Problem – Repeat the listing that follows, character for character, minus the pictures.

________________________

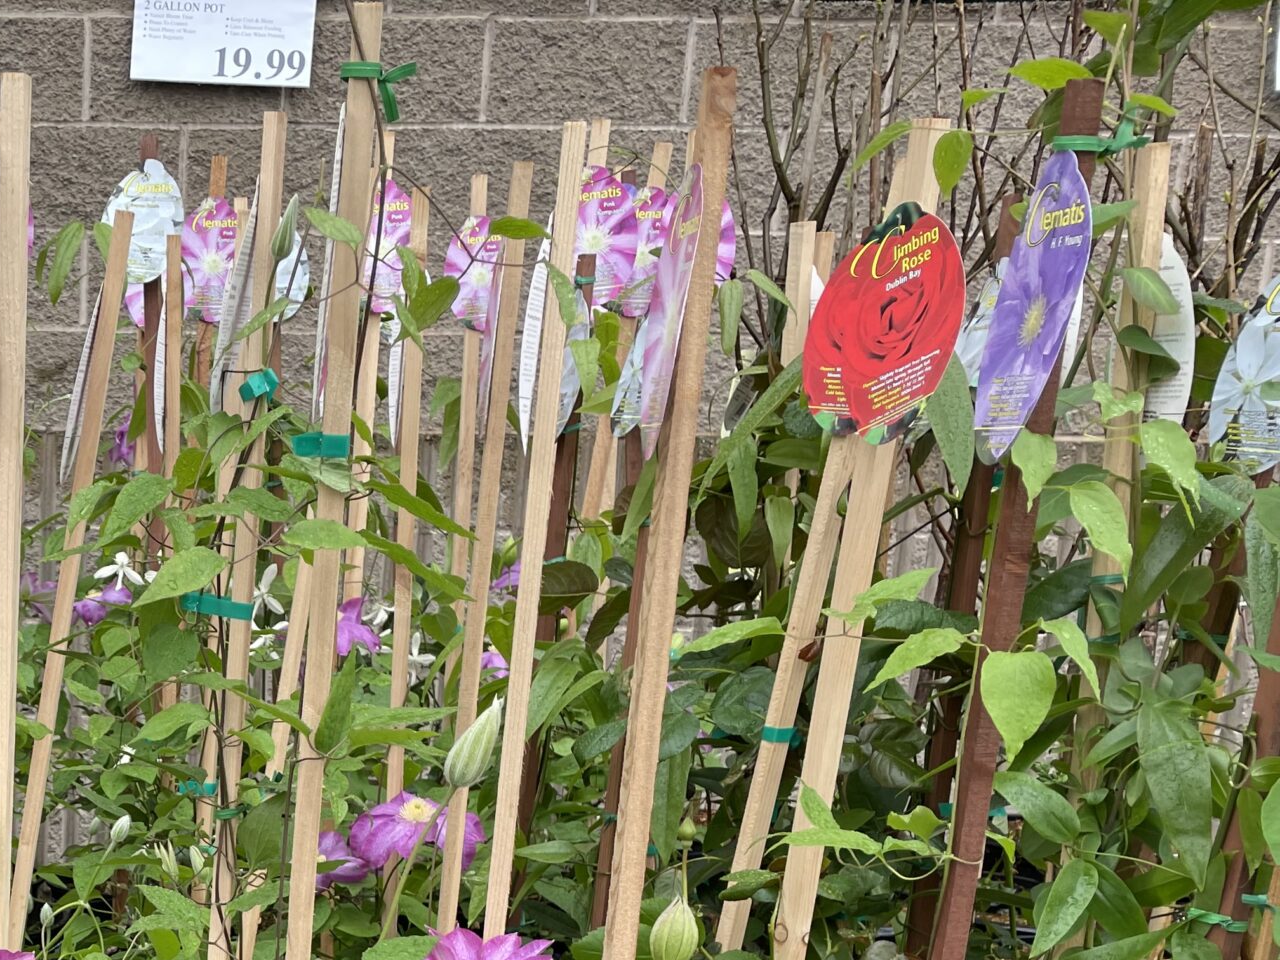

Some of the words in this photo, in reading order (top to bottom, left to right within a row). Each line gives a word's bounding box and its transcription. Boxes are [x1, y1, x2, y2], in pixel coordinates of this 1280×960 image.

[144, 0, 151, 10] 2
[153, 1, 200, 12] GALLON
[204, 3, 226, 13] POT
[212, 46, 306, 81] 19.99
[1026, 183, 1086, 248] Clematis
[871, 224, 940, 279] Climbing
[901, 249, 932, 273] Rose
[886, 275, 908, 292] Dublin
[908, 268, 922, 280] Bay

________________________

Solution below –
Some of the words in this photo, in reading order (top to bottom, left to right within a row). Each line gives a word's bounding box and its transcription. Boxes are [x1, y1, x2, y2], in pixel coordinates of this 1280×960 image.

[144, 0, 151, 10] 2
[153, 1, 200, 12] GALLON
[204, 3, 226, 13] POT
[212, 46, 306, 81] 19.99
[1026, 183, 1086, 248] Clematis
[871, 224, 940, 279] Climbing
[901, 249, 932, 273] Rose
[886, 275, 908, 292] Dublin
[908, 268, 922, 280] Bay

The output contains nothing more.